La divorciada se pasaba los minutos, las horas y los días de ventana en ventana, haciendo a un lado cortina tras cortina, solo para darle trabajo a sus ojos cazadores, que jamás aprendieron a quedarse quietos. Silenciosamente, todos los acontecimientos de San Erasmo, desde su fundación, pasaron por sus retinas, lenta pero ordenadamente, como mandan las leyes del tiempo: la puesta de la primera piedra del colegio donde su hija terminó la secundaria, los planes del tendero chino para defraudar a su socio, el lamentable accidente donde el perro de don Javier perdió una pata. Las noticias siempre iban a parar, como algún cántico insoslayable, a oídos de su vecina, Juana la del veintiséis, y raudamente se reunían ambas para hacer y deshacer por el pueblo con las nuevas recibidas. Los reproches de Cristina, hija de la divorciada, hacia su madre eran débiles cuando provenían de una niña; pero ahora, convertida en una señorita y con un trabajo de dealer en un casino, podía la joven tomarse el atrevimiento de hablarle más fuerte.

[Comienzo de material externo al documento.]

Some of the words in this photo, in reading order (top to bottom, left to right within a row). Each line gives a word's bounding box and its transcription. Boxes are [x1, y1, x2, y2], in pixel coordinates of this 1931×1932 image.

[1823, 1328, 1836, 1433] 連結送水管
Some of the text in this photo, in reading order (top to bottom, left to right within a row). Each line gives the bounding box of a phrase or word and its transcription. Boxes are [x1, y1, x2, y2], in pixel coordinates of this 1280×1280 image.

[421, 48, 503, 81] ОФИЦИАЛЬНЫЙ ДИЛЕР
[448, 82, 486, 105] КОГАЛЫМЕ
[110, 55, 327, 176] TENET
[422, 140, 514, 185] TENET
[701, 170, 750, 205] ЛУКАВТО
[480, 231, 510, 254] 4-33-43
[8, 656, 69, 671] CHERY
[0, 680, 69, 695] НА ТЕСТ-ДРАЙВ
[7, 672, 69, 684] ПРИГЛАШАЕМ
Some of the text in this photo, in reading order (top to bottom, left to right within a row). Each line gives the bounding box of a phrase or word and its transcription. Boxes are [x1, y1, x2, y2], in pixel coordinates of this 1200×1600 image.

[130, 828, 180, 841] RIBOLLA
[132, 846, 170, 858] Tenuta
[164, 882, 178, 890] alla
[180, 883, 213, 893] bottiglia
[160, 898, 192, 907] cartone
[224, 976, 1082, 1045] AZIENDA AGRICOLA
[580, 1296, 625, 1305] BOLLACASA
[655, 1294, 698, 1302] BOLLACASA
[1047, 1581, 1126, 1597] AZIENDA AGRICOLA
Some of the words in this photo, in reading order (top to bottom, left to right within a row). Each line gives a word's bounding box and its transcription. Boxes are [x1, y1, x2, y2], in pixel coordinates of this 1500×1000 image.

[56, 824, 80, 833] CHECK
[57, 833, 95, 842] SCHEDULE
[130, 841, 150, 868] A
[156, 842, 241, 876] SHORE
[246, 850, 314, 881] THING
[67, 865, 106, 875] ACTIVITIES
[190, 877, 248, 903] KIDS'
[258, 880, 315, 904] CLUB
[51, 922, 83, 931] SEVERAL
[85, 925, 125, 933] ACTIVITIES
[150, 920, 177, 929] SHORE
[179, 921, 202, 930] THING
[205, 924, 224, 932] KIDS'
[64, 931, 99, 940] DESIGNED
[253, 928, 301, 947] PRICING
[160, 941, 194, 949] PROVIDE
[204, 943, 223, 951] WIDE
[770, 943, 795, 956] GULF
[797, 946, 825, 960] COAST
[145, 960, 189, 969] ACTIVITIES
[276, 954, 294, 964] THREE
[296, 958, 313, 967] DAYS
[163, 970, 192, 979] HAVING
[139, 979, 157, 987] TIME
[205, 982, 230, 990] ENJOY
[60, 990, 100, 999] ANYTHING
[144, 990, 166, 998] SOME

— Me tienes harta, madre. Todos los vecinos te odian. A ti y a tu comadre Juana. Casi desde que tengo memoria, las odian a las dos.
Pero la doña seguía en sus trece. Que el portero del cine Paladio tiene encuentros con la hija del acomodador. Que las hermanastras Azcueta le roban la mercadería al jefe. Que el lunes se muda el japonés antes de que le alcance la policía. Y la gente de San Erasmo también en lo suyo: la vieja de la casita azul es una maldita soplona, la vieja y su comadre están hechas ambas de la misma escoria.
Un lunes, la divorciada hizo a un lado por milésima vez, con dedos casi invisibles, las cortinas de la ventana principal, dejando un resquicio lo suficientemente grande para que uno de su irises, agrisado por la edad, se dirigiera hacia el jirón. Allí, en la vereda opuesta, junto a una casa de concreto, larga y firme, un grupo de hombres había traído ladrillos; otro grupo, cemento, reglas, escaleras. “Van a levantar un segundo piso”, pensó de inmediato. Días después, el ruido de los trabajos detonó. La ventana de la doña vibraba con cada andanada. “Van a vender oficinas, va a venir mucha gente y ya no habrá tranquilidad”, le decía a Juana la del veintiséis. “Seguro que no tienen licencia de construcción”. Y Juana la del veintiséis que se afanaba en ir a la alcaldía, que hablaba con el dueño del diario local, que telefoneaba a la radio. Y Cristina, que había cambiado su empleo en el casino por otro más rentable, trataba inútilmente de aplacarlas, en compañía de su pareja, Andrés. Hasta que la situación ya no dio para más.
— Cada vez que salgo los obreros me gritan cosas. Ya no puedo vivir aquí, madre. Me quedo en casa de Andrés. Adiós.
La hija, sin llevarse nada con ella, se dirigió hacia la puerta. Luego de casi veinte años de vivir con su madre, le ofreció tan solo una fría frase como despedida:
— Te mandaré dinero todas las semanas.
Y salió, cogida del brazo izquierdo de su hombre. La madre acompañó con la mirada, desde la ventana que daba hacia el jirón, el fulgor casi apagado de los faros posteriores de un vehículo negro, donde se le iba el ser al que hacía tanto tiempo le dio de beber amorosamente de su pecho.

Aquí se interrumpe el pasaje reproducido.